- Description of the task -
Transcribed word for word, the lines below from the one with "this 1280×960 image." through the last line of the records form the answer; no picture is to be included.

Source data:

════════

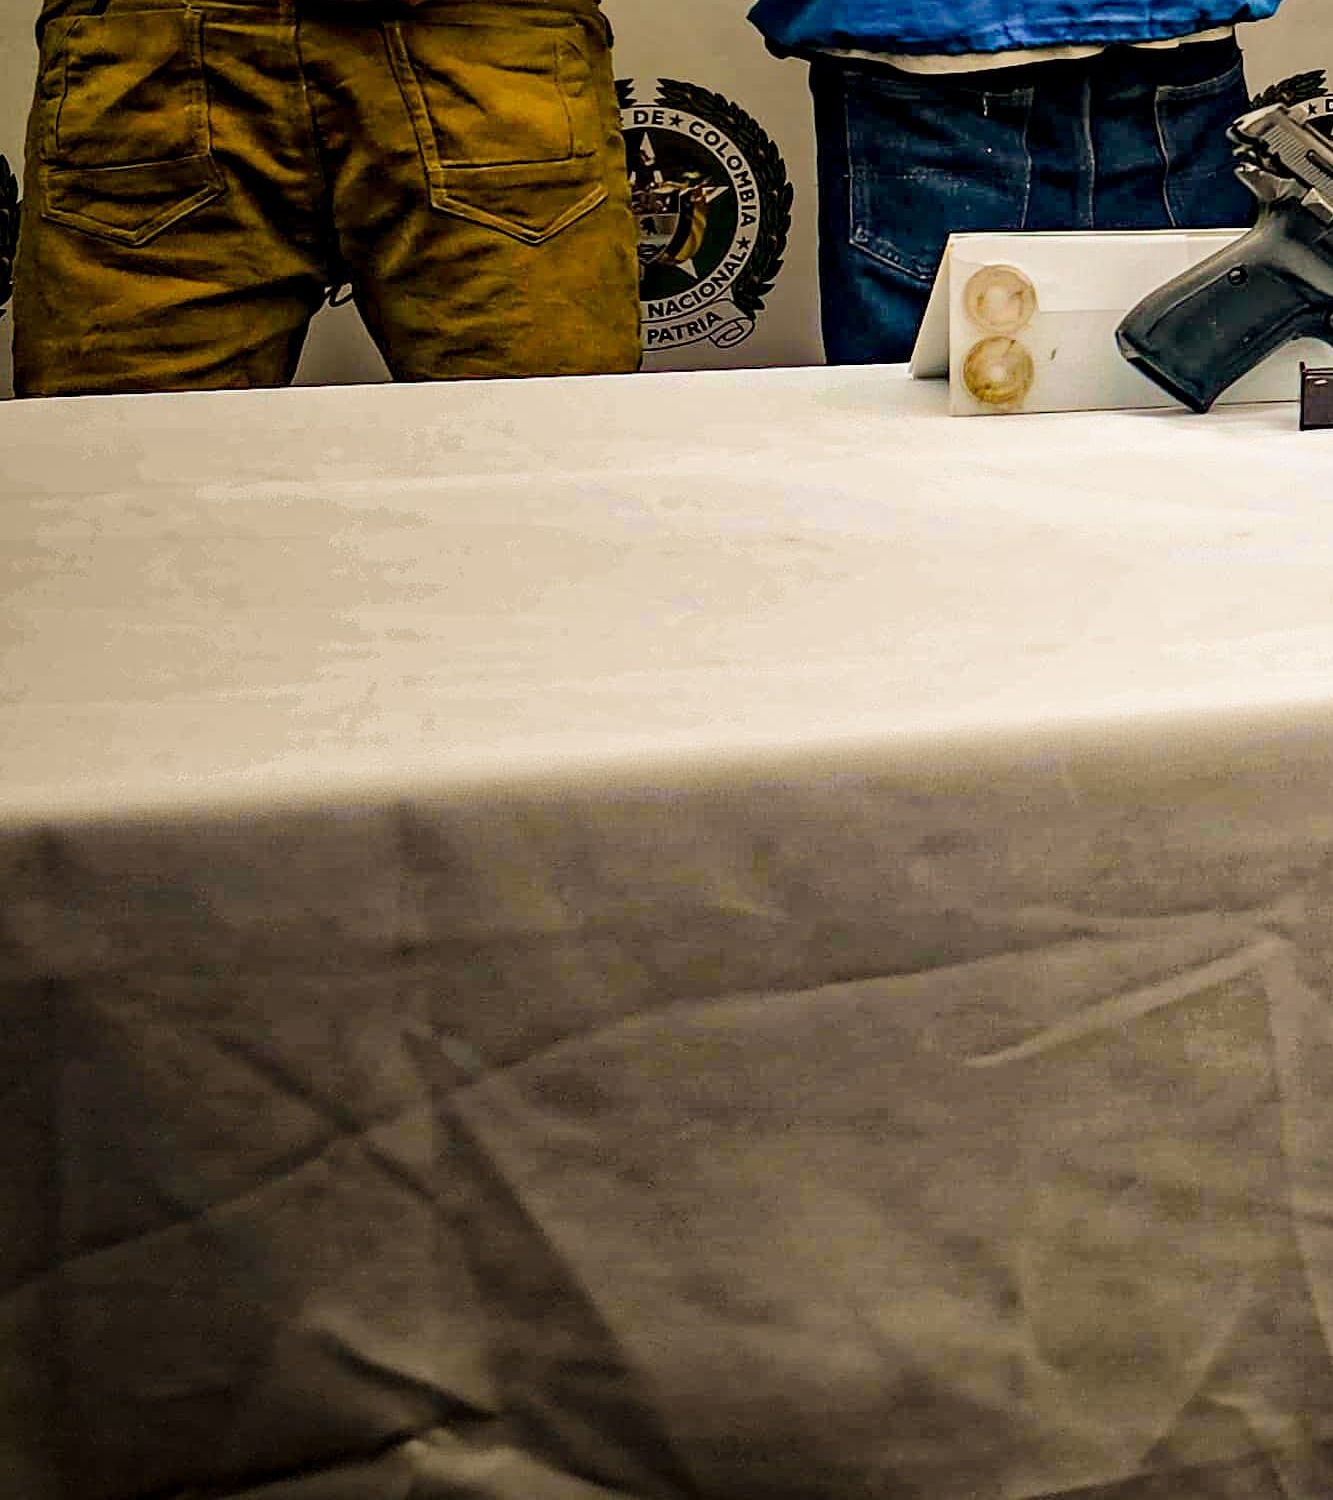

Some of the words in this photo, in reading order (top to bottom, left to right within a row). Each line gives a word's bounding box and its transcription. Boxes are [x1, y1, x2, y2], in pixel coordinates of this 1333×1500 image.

[633, 111, 665, 126] DE
[688, 121, 756, 227] COLOMBIA
[648, 252, 747, 318] NACIONAL
[647, 312, 722, 343] PATRIA
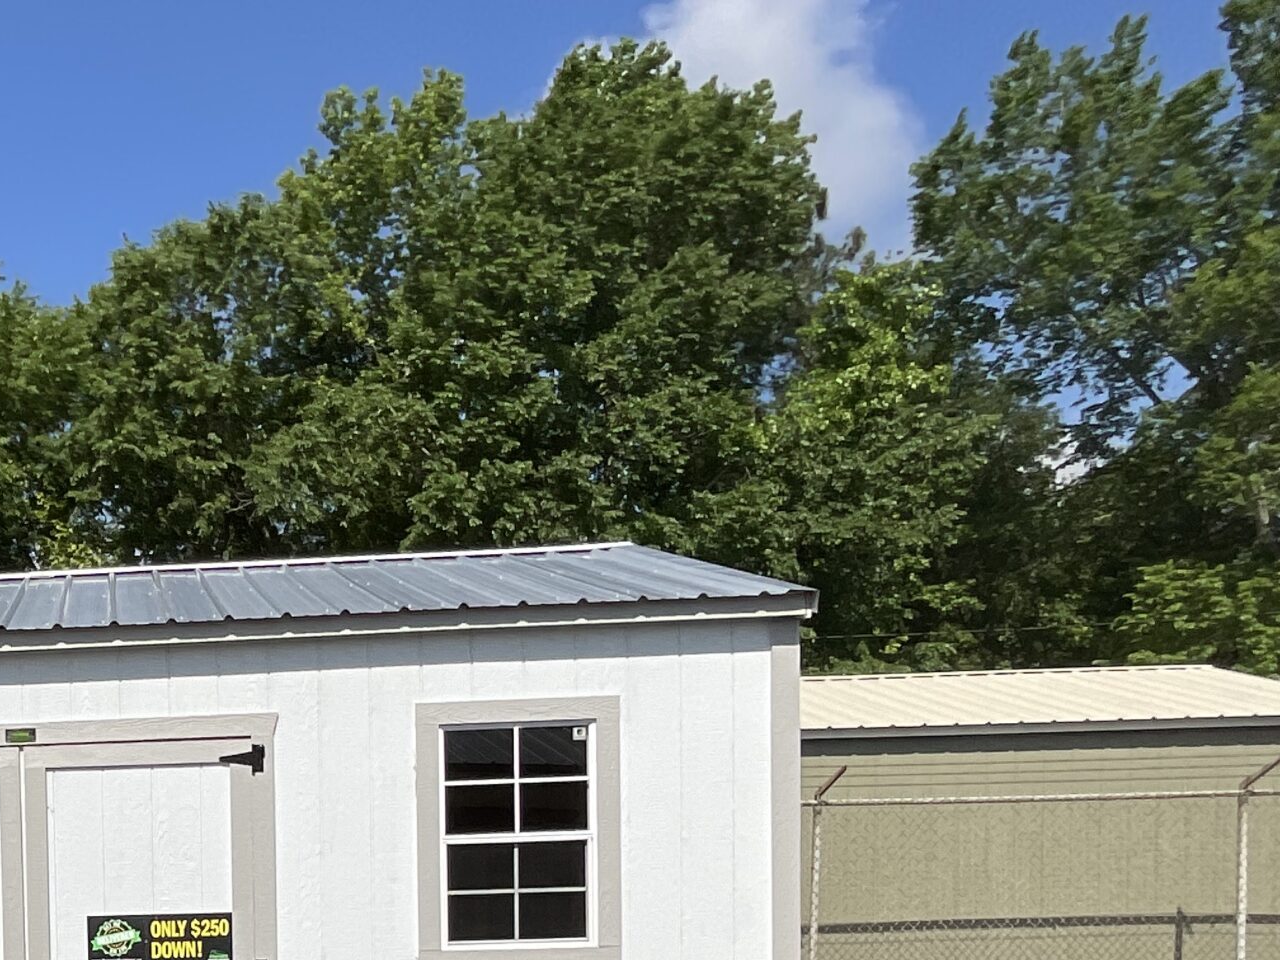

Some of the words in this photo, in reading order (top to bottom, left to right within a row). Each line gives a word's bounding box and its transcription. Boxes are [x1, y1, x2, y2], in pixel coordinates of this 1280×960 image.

[150, 919, 187, 938] ONLY
[191, 918, 229, 938] $250
[151, 940, 203, 959] DOWN!
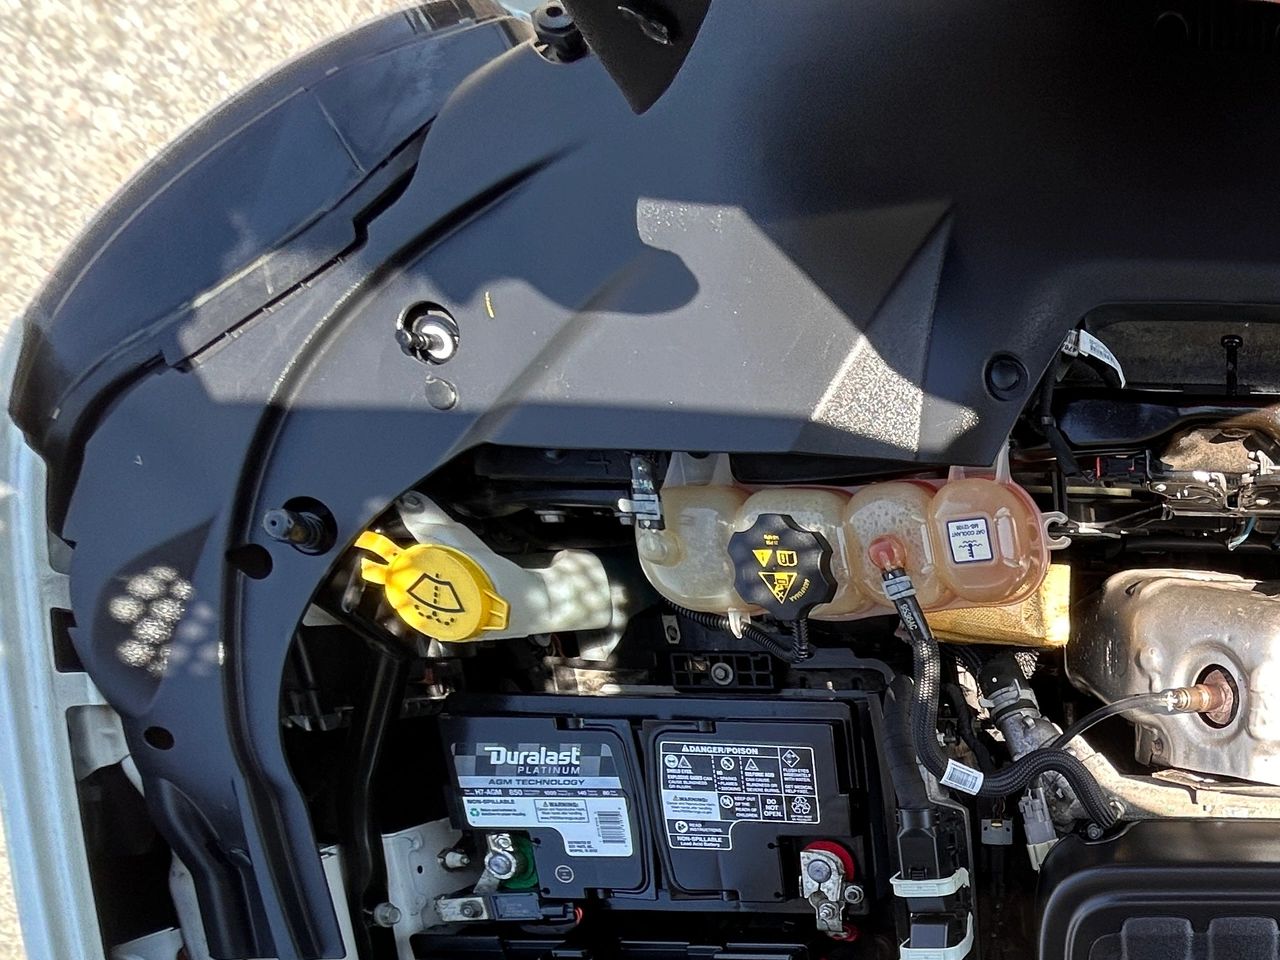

════════

- Exercise answer -
Some of the words in this photo, in reading order (top to bottom, left to right within a row). Each line gives a word's bounding box and its transcription. Boxes are [x1, y1, x2, y2], in pixel coordinates of this 1280×960 image.

[150, 919, 187, 938] ONLY
[191, 918, 229, 938] $250
[151, 940, 203, 959] DOWN!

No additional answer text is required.